> _The task_: Pictures do not belong in the copy; quote every entry below exactly.

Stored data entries
-*-*-

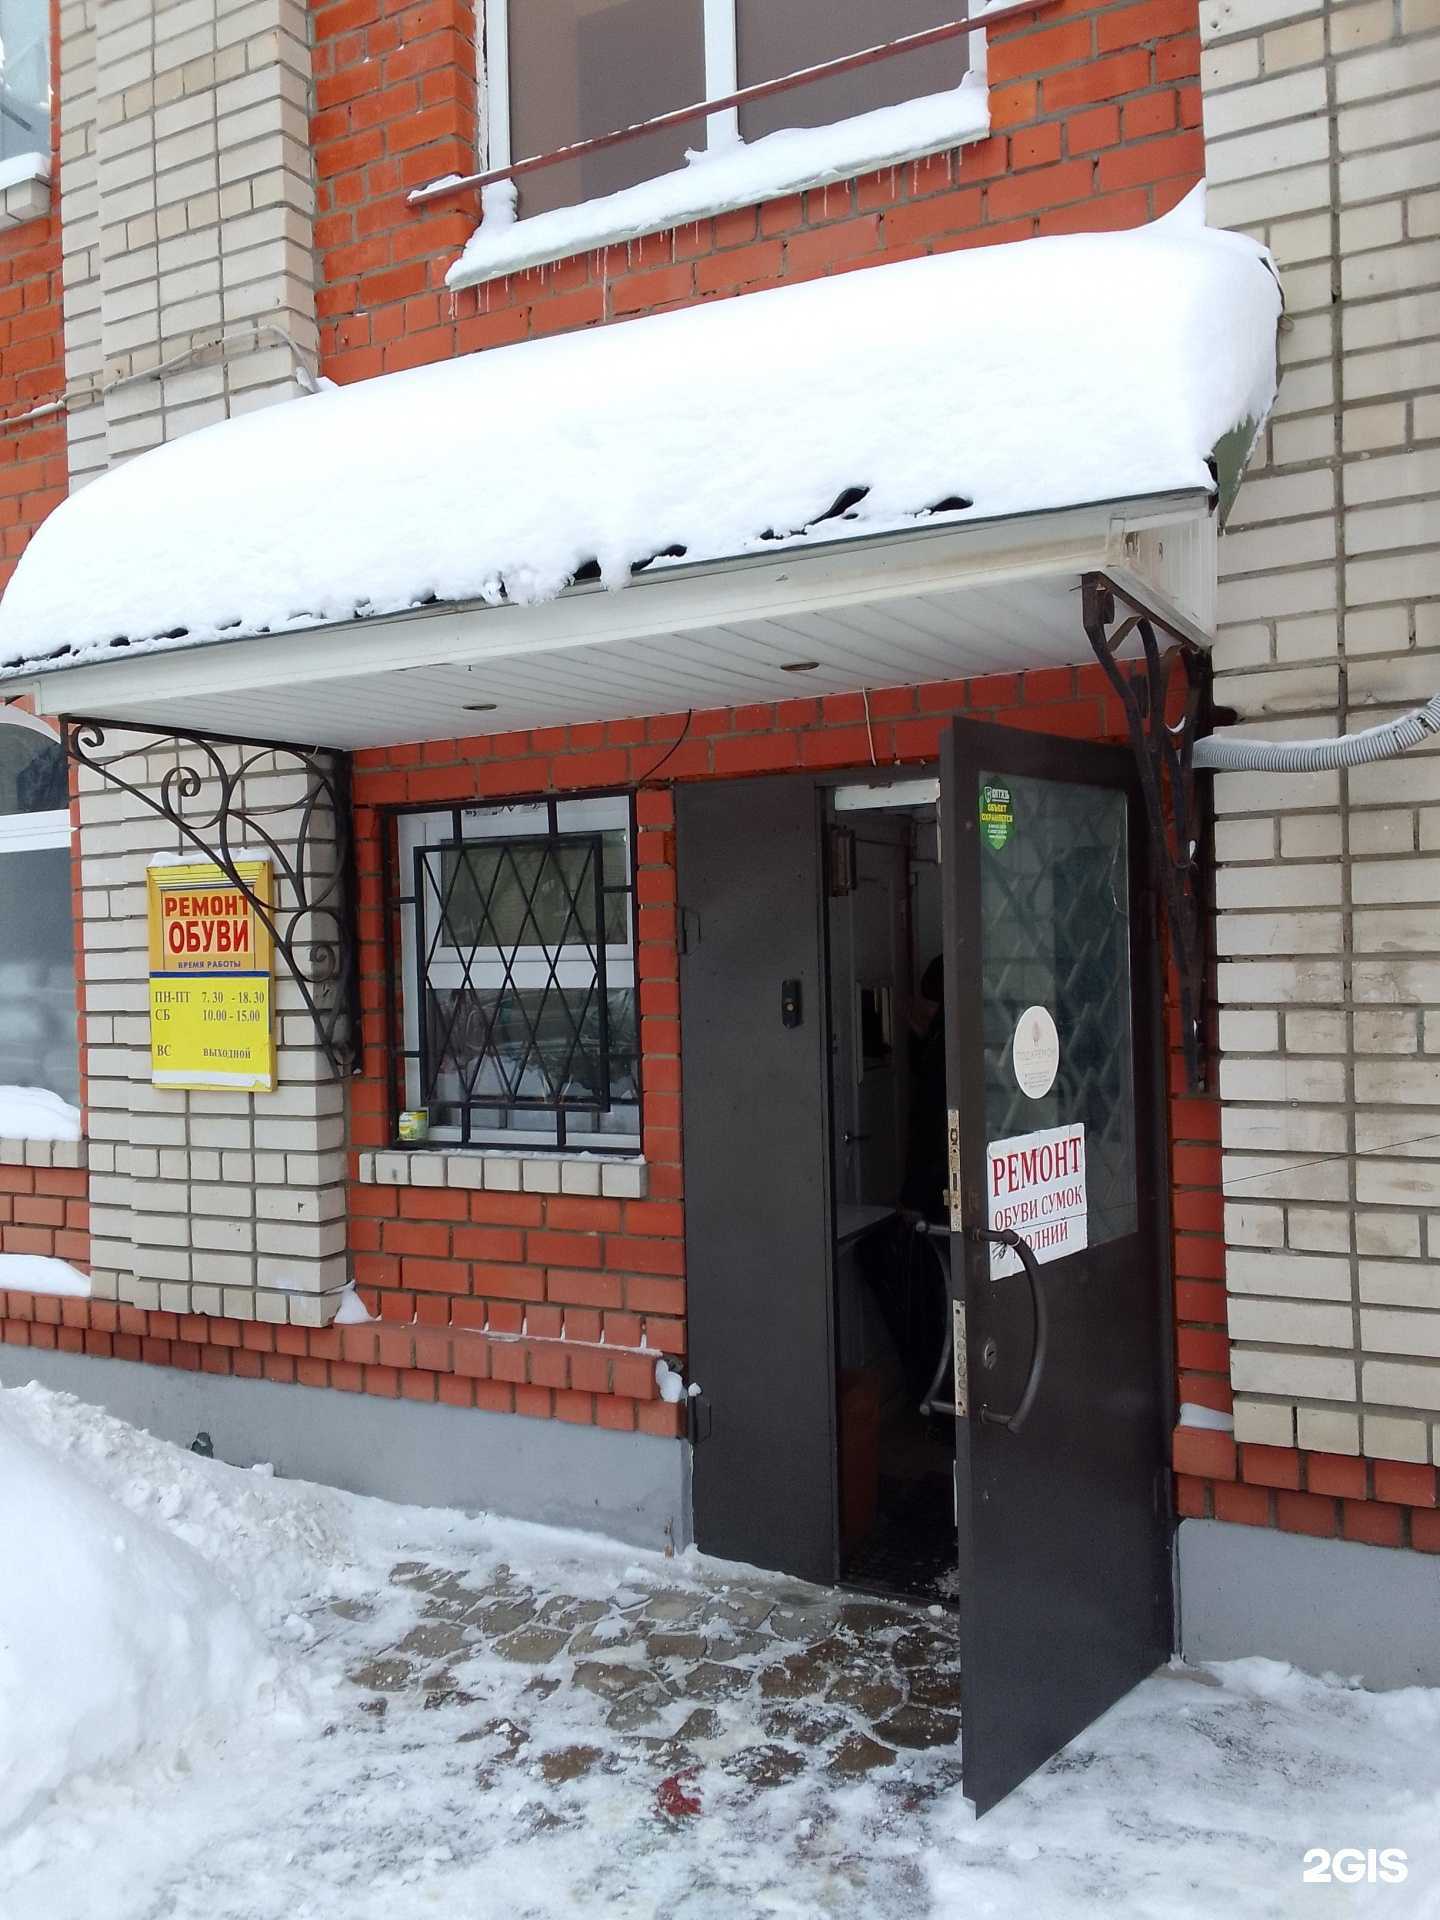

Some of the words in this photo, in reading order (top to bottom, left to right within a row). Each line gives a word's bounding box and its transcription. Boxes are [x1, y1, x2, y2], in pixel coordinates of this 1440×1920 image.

[164, 895, 249, 917] РЕМОНТ
[169, 919, 249, 954] ОБУВИ
[178, 961, 205, 969] ВРЕМЯ
[207, 960, 241, 968] РАБОТЫ
[155, 991, 191, 1003] ПН-ПТ
[155, 1008, 171, 1021] СБ
[203, 1009, 227, 1022] 10.00
[236, 1010, 260, 1022] 15.00
[157, 1044, 172, 1057] ВС
[992, 1137, 1082, 1197] РЕМОНТ
[995, 1199, 1038, 1231] ОБУВИ
[1041, 1185, 1083, 1215] СУМОК
[1013, 1217, 1068, 1259] ОЛНИЙ
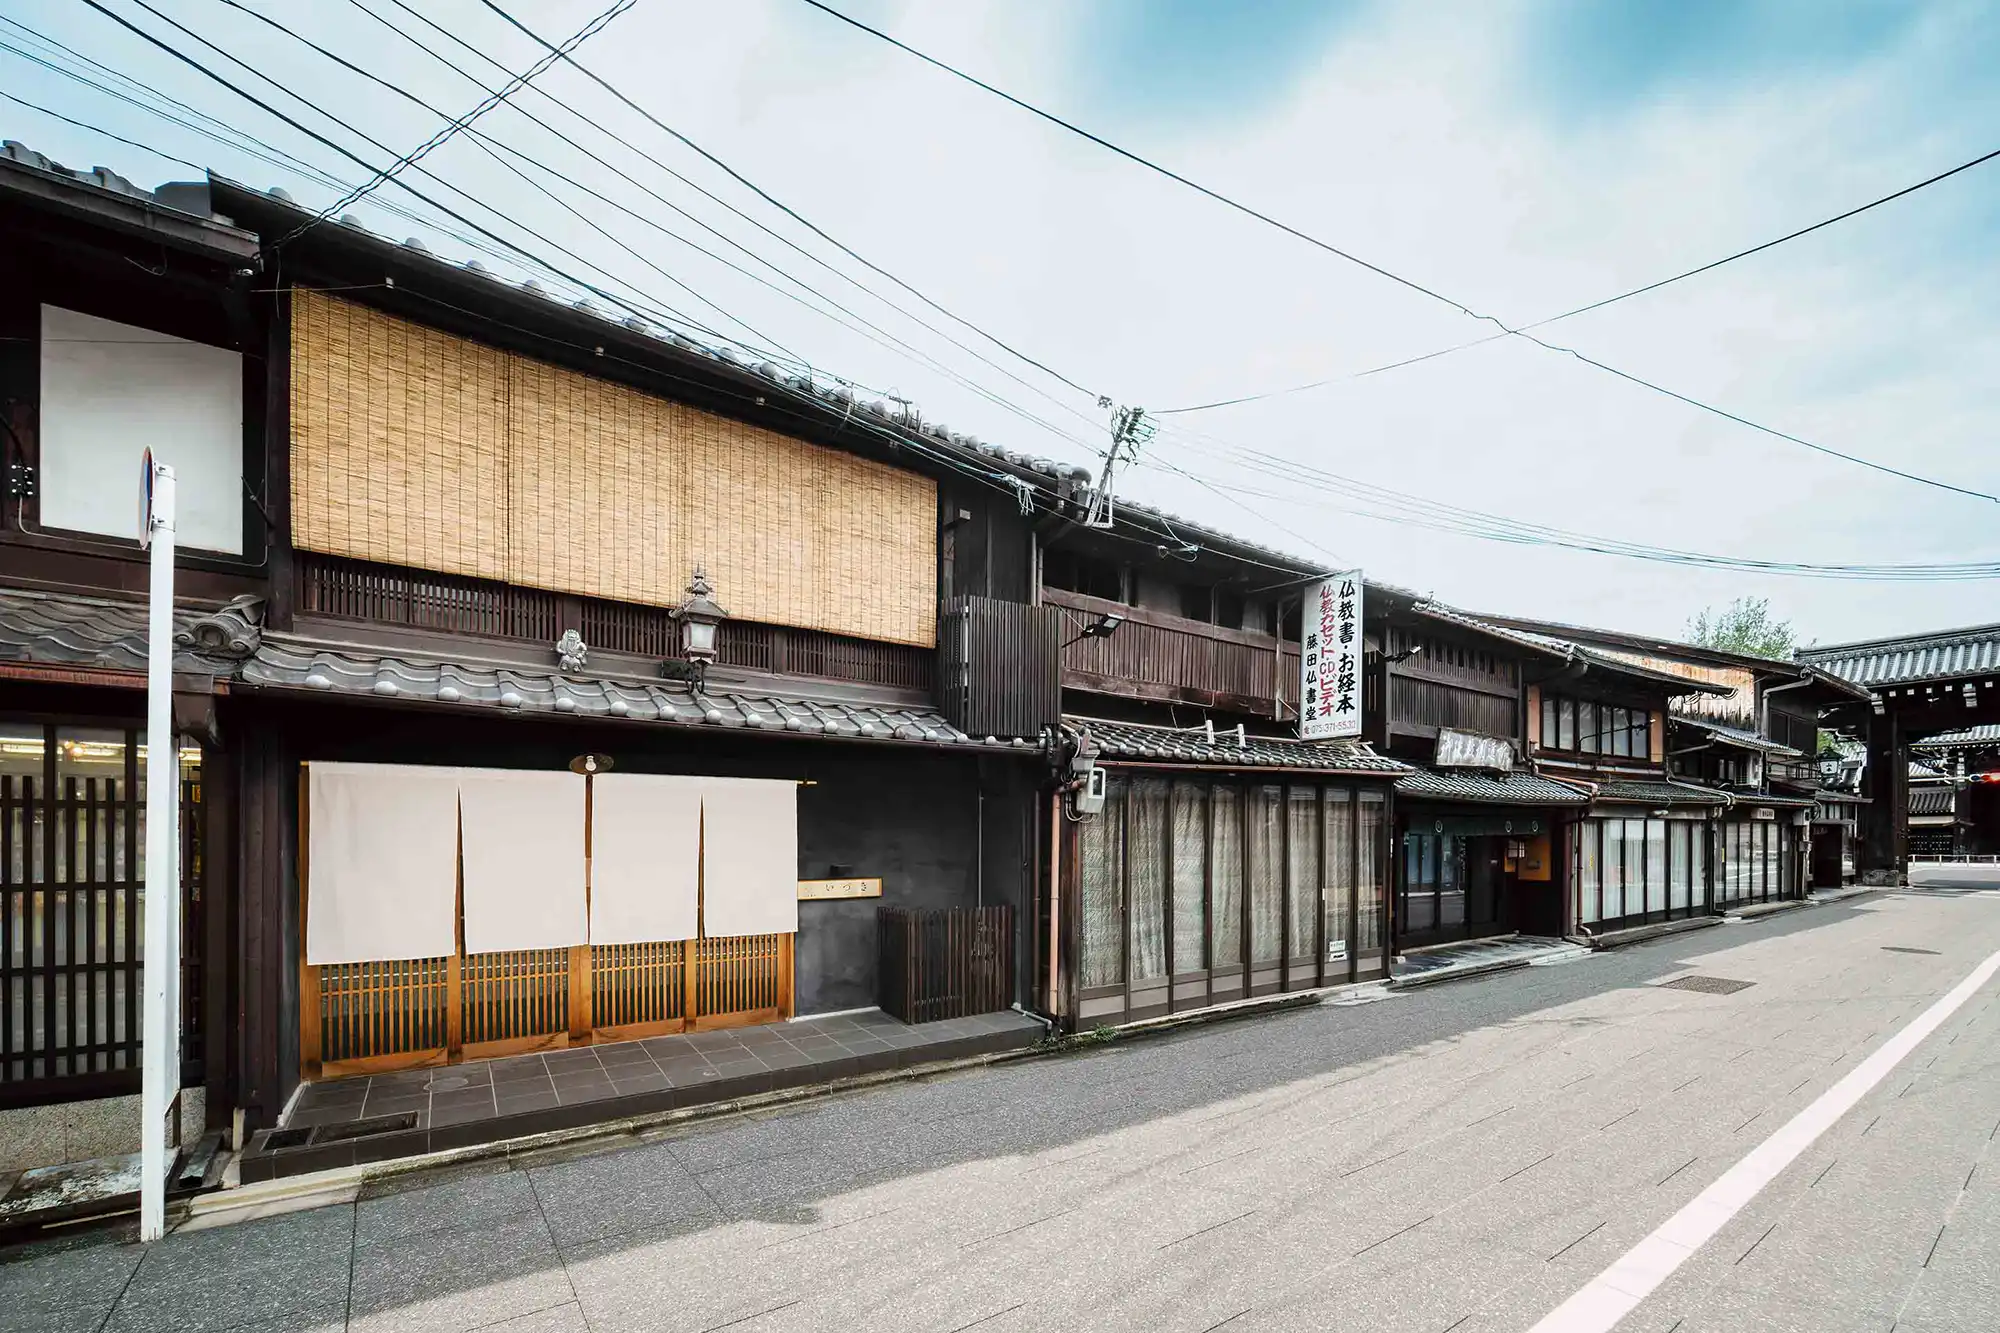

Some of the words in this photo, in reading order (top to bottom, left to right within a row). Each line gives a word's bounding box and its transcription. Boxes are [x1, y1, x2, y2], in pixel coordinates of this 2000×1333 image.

[1305, 633, 1318, 722] 藤田仏書堂
[1336, 579, 1355, 715] 仏教書・お経本

-*-*-

> _The answer_:
Some of the words in this photo, in reading order (top to bottom, left to right within a row). Each line gives a word's bounding box and its transcription. Boxes are [x1, y1, x2, y2], in pixel coordinates of this 1440×1920 image.

[164, 895, 249, 917] РЕМОНТ
[169, 919, 249, 954] ОБУВИ
[178, 961, 205, 969] ВРЕМЯ
[207, 960, 241, 968] РАБОТЫ
[155, 991, 191, 1003] ПН-ПТ
[155, 1008, 171, 1021] СБ
[203, 1009, 227, 1022] 10.00
[236, 1010, 260, 1022] 15.00
[157, 1044, 172, 1057] ВС
[992, 1137, 1082, 1197] РЕМОНТ
[995, 1199, 1038, 1231] ОБУВИ
[1041, 1185, 1083, 1215] СУМОК
[1013, 1217, 1068, 1259] ОЛНИЙ

Some of the words in this photo, in reading order (top to bottom, left to right within a row). Each line gives a word's bounding box and its transcription. Boxes are [x1, y1, x2, y2], in pixel coordinates of this 2000×1333 image.

[1305, 633, 1318, 722] 藤田仏書堂
[1336, 579, 1355, 715] 仏教書・お経本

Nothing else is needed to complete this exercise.